Stored data »
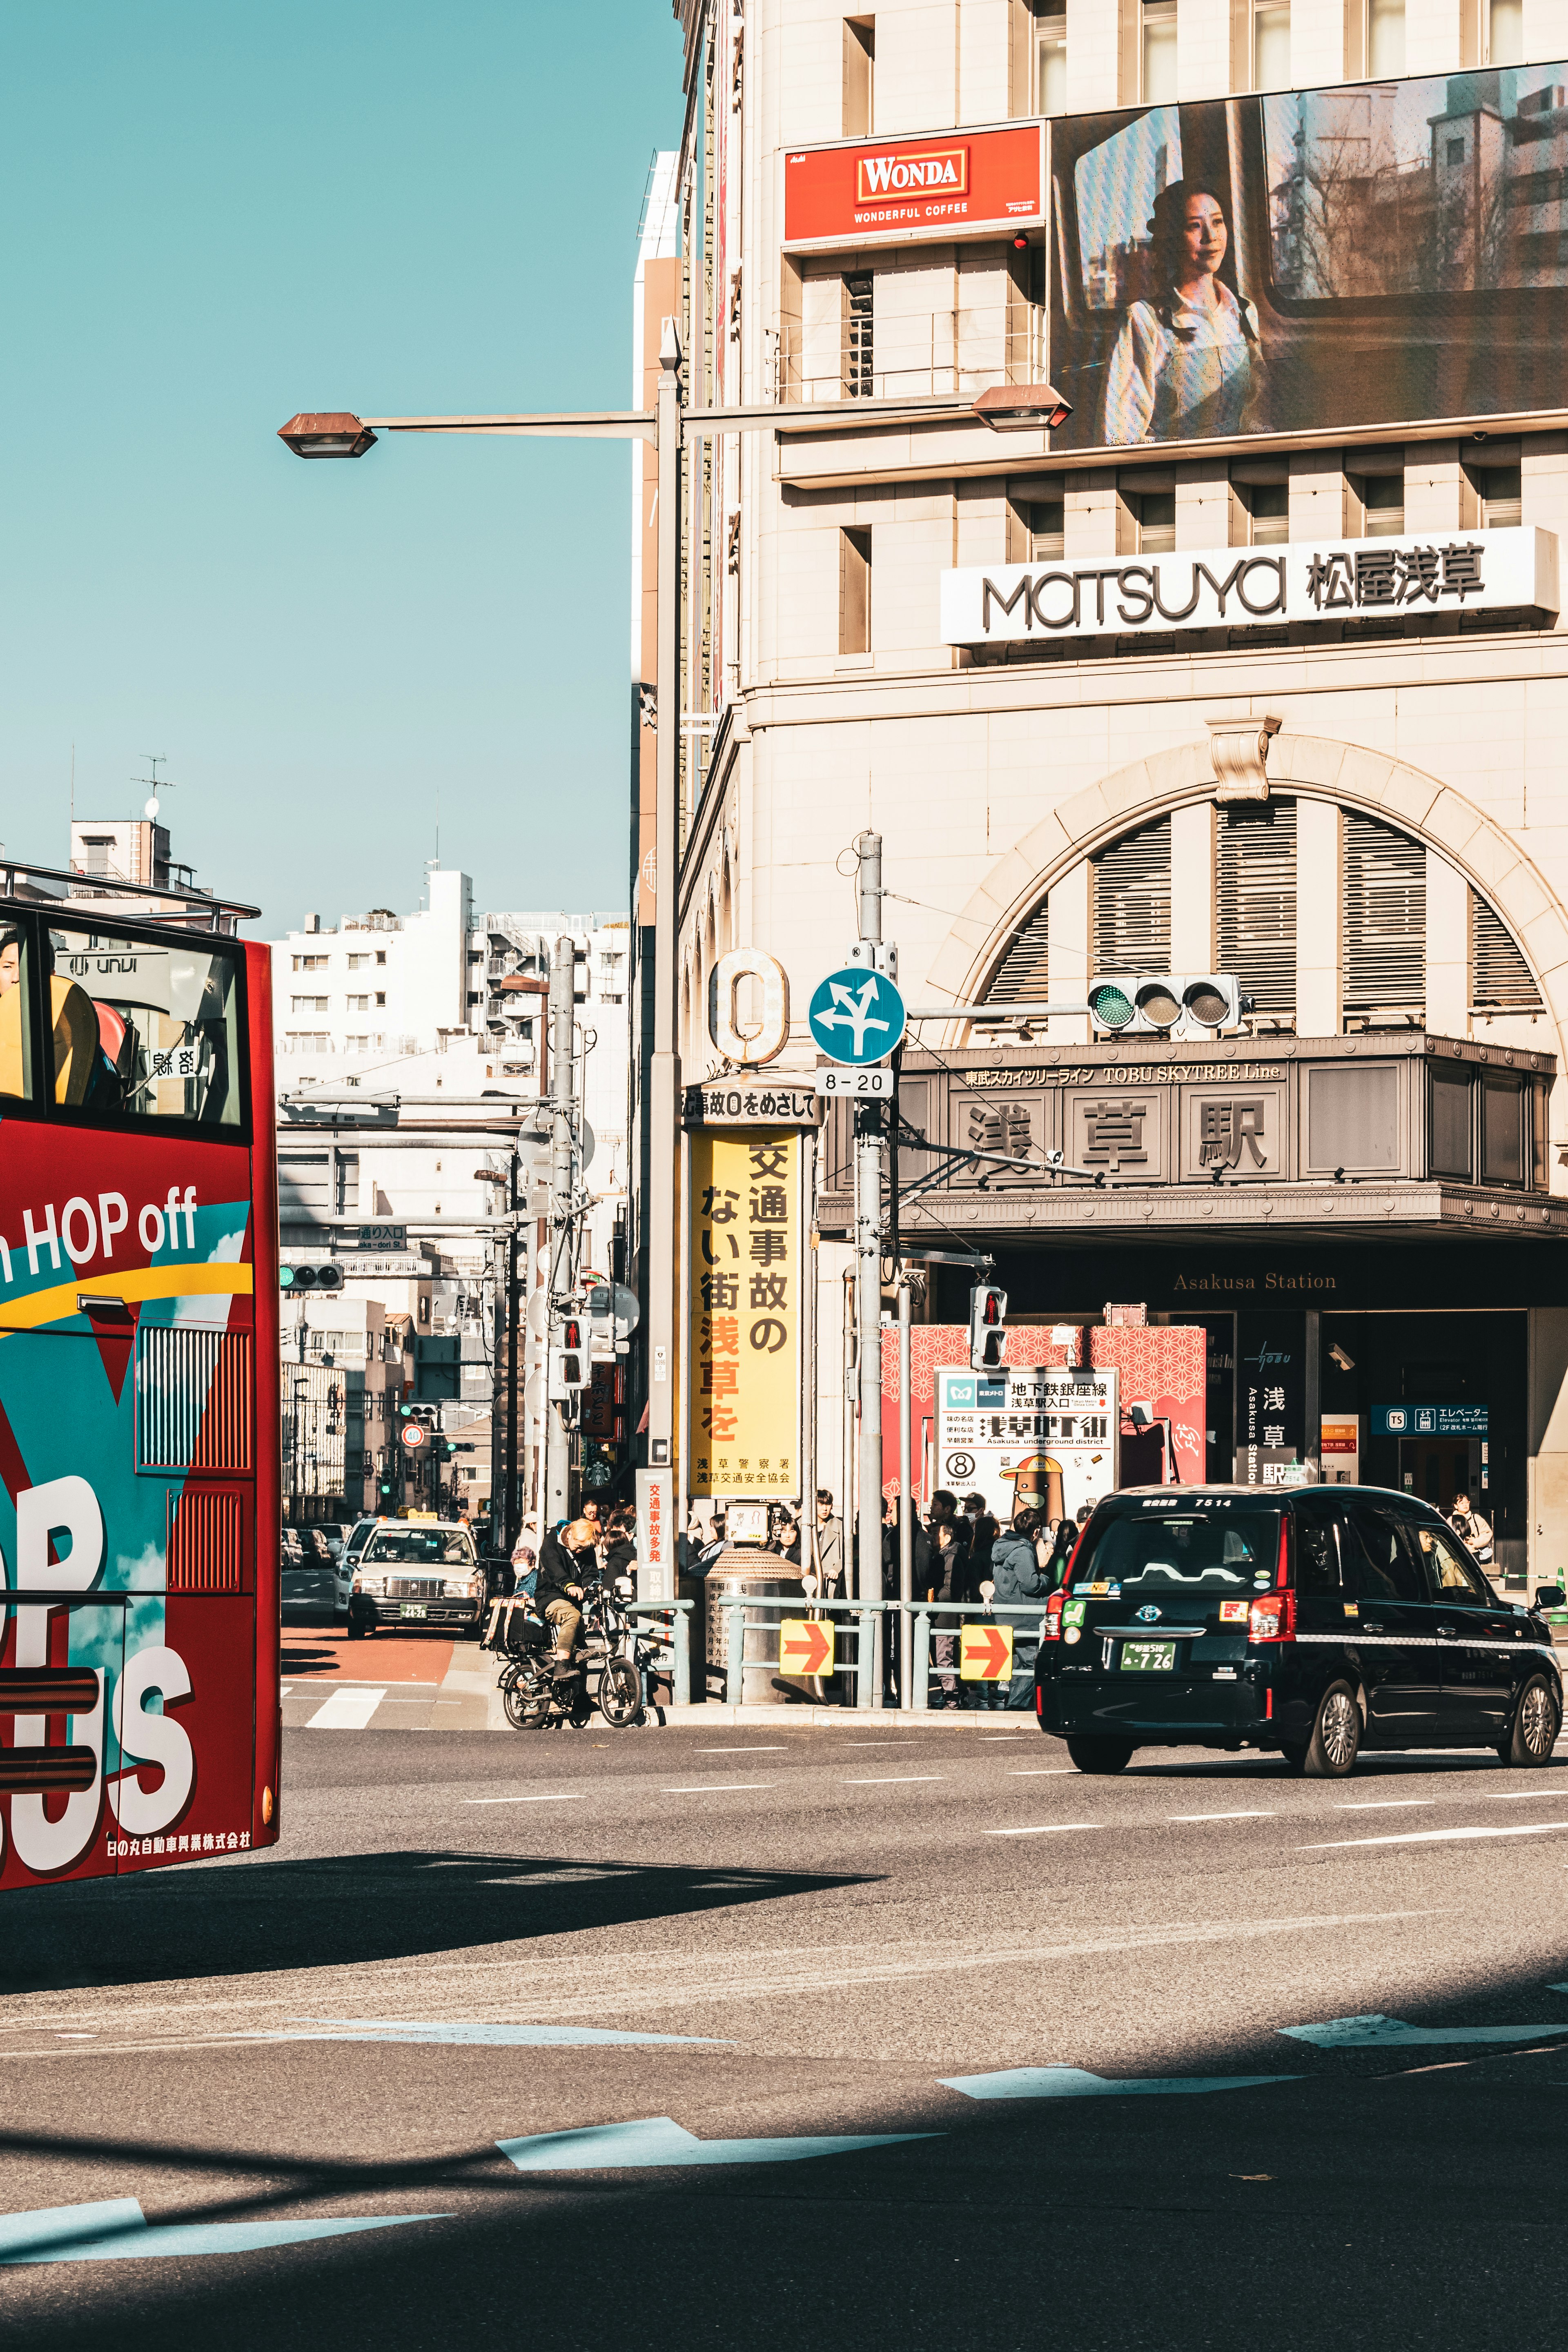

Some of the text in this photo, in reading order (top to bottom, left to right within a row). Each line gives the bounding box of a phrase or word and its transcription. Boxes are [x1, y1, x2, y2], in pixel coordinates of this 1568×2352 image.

[863, 157, 958, 193] WONDA
[854, 203, 968, 223] WONDERFUL COFFEE
[1306, 541, 1485, 611] 松屋浅草
[965, 1063, 1280, 1086] 東武スカイツリーライン TOBU SKYTREE Line
[967, 1099, 1267, 1175] 浅草駅
[23, 1192, 128, 1275] HOP
[138, 1186, 197, 1252] off
[749, 1142, 788, 1354] 交通事故の
[1174, 1272, 1336, 1290] Asakusa Station
[700, 1186, 740, 1441] ない街浅草を
[1011, 1383, 1107, 1396] 地下鉄銀座線
[1011, 1398, 1069, 1408] 浅草駅入口
[1249, 1388, 1257, 1439] Asakusa
[1439, 1409, 1488, 1417] エレベーター
[980, 1416, 1107, 1438] 浅草地下街
[1391, 1416, 1402, 1424] TS
[408, 1431, 418, 1440] 40
[1263, 1387, 1285, 1483] 浅草駅
[697, 1458, 790, 1470] 浅草警察署
[697, 1472, 790, 1483] 浅草交通安全協会
[649, 1484, 661, 1562] 交通事故多発
[107, 1831, 251, 1856] 日の丸自動車興業株式会社

Description of the task » Leave the pictures out and print the records above exactly as they stand.

Solution below »
Some of the text in this photo, in reading order (top to bottom, left to right within a row). Each line gives the bounding box of a phrase or word and its transcription. Boxes are [x1, y1, x2, y2], in pixel coordinates of this 1568×2352 image.

[863, 157, 958, 193] WONDA
[854, 203, 968, 223] WONDERFUL COFFEE
[1306, 541, 1485, 611] 松屋浅草
[965, 1063, 1280, 1086] 東武スカイツリーライン TOBU SKYTREE Line
[967, 1099, 1267, 1175] 浅草駅
[23, 1192, 128, 1275] HOP
[138, 1186, 197, 1252] off
[749, 1142, 788, 1354] 交通事故の
[1174, 1272, 1336, 1290] Asakusa Station
[700, 1186, 740, 1441] ない街浅草を
[1011, 1383, 1107, 1396] 地下鉄銀座線
[1011, 1398, 1069, 1408] 浅草駅入口
[1249, 1388, 1257, 1439] Asakusa
[1439, 1409, 1488, 1417] エレベーター
[980, 1416, 1107, 1438] 浅草地下街
[1391, 1416, 1402, 1424] TS
[408, 1431, 418, 1440] 40
[1263, 1387, 1285, 1483] 浅草駅
[697, 1458, 790, 1470] 浅草警察署
[697, 1472, 790, 1483] 浅草交通安全協会
[649, 1484, 661, 1562] 交通事故多発
[107, 1831, 251, 1856] 日の丸自動車興業株式会社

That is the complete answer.